>>>>>

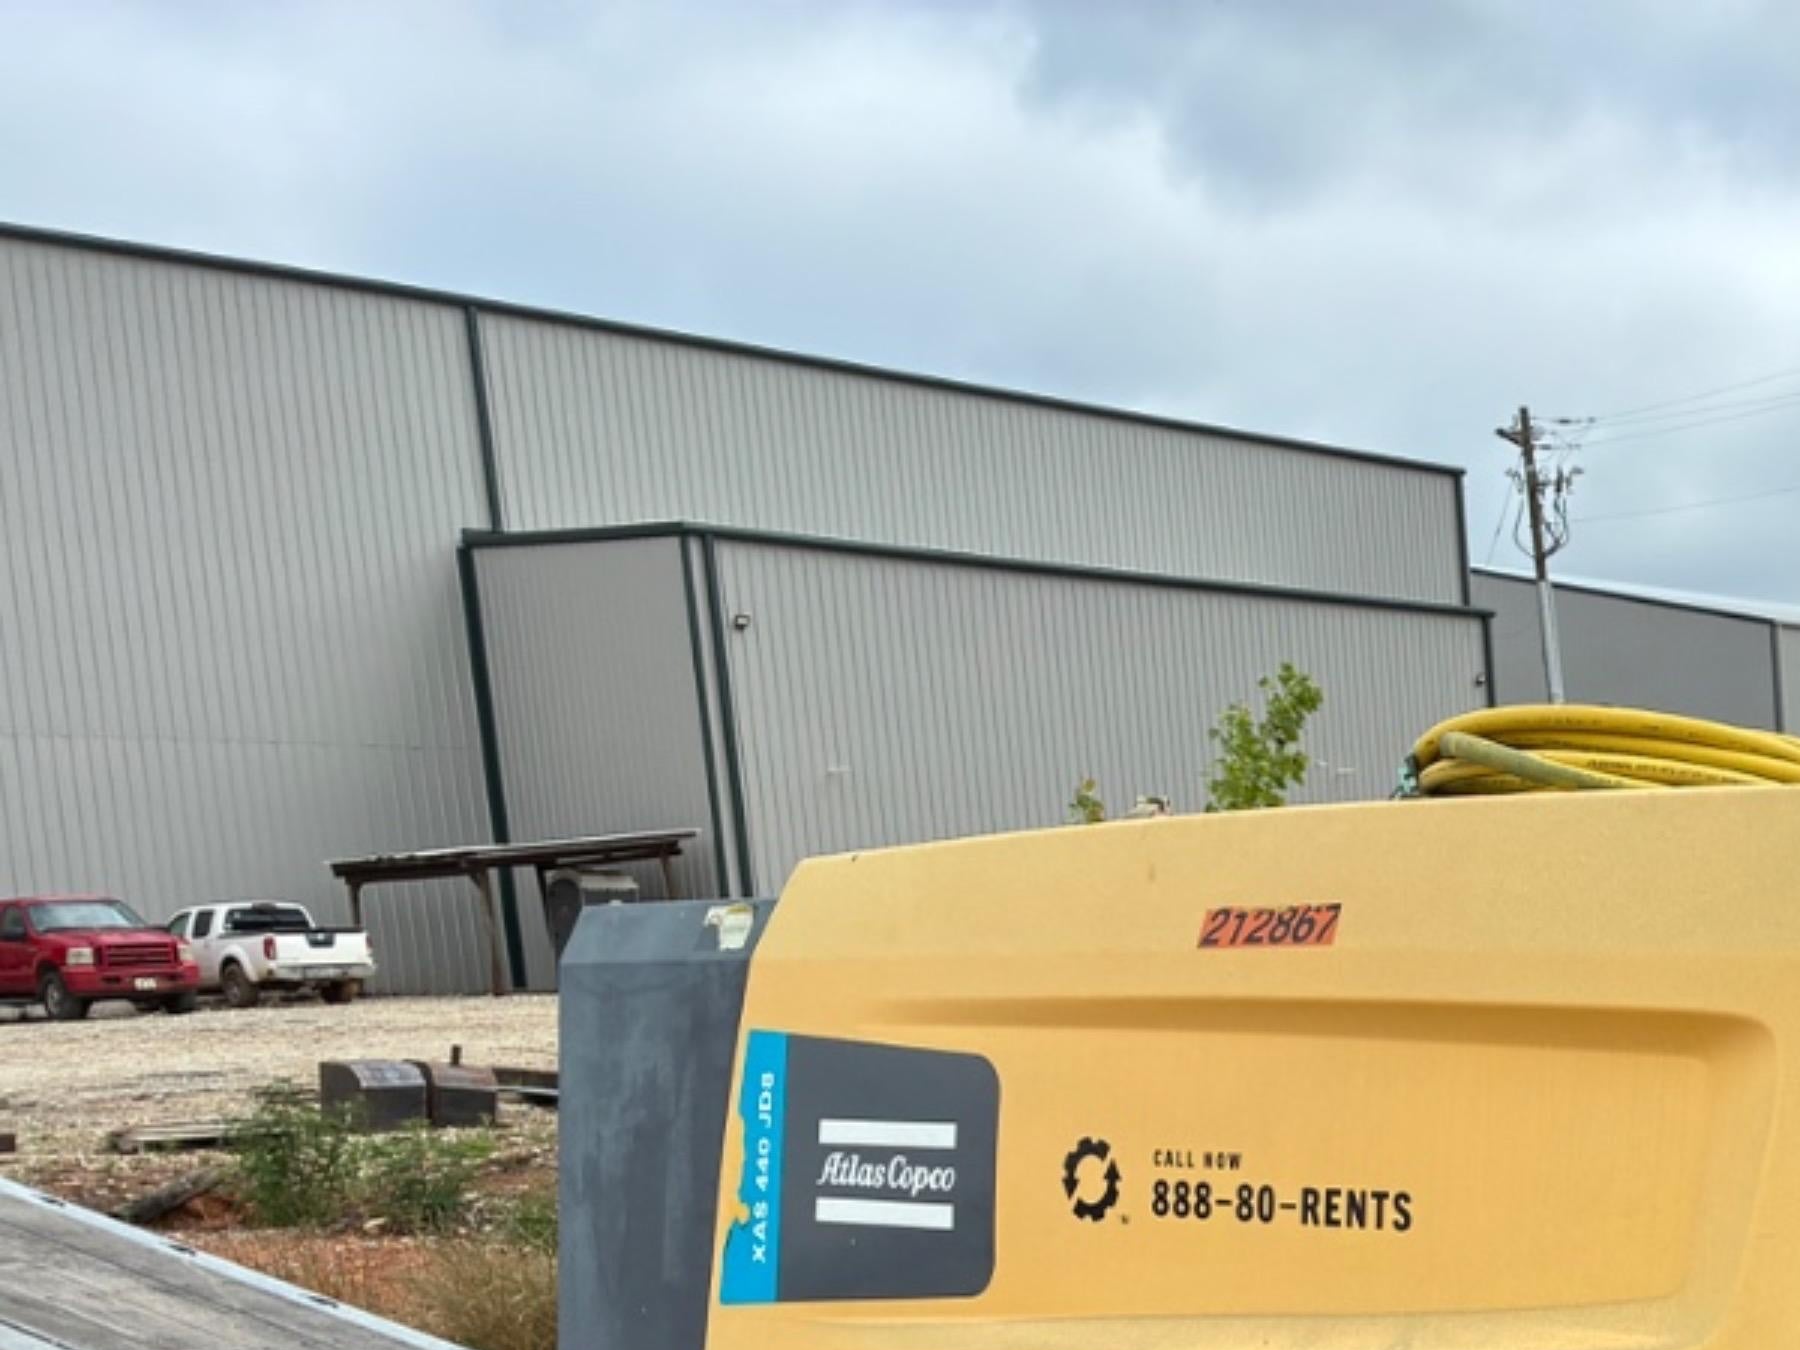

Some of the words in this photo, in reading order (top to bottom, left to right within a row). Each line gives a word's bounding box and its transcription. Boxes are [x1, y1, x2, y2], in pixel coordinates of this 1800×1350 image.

[1200, 903, 1341, 946] 212867
[755, 1137, 770, 1191] 440
[1153, 1150, 1195, 1168] CALL
[1203, 1152, 1242, 1170] NOW
[752, 1201, 768, 1263] XAS
[1152, 1179, 1412, 1232] 888-80-RENTS

<<<<<

> Activity: Transcribe the entries above verbatim, excluding any image.

> Task solution:
Some of the words in this photo, in reading order (top to bottom, left to right within a row). Each line gives a word's bounding box and its transcription. Boxes are [x1, y1, x2, y2], in pixel coordinates of this 1800×1350 image.

[1200, 903, 1341, 946] 212867
[755, 1137, 770, 1191] 440
[1153, 1150, 1195, 1168] CALL
[1203, 1152, 1242, 1170] NOW
[752, 1201, 768, 1263] XAS
[1152, 1179, 1412, 1232] 888-80-RENTS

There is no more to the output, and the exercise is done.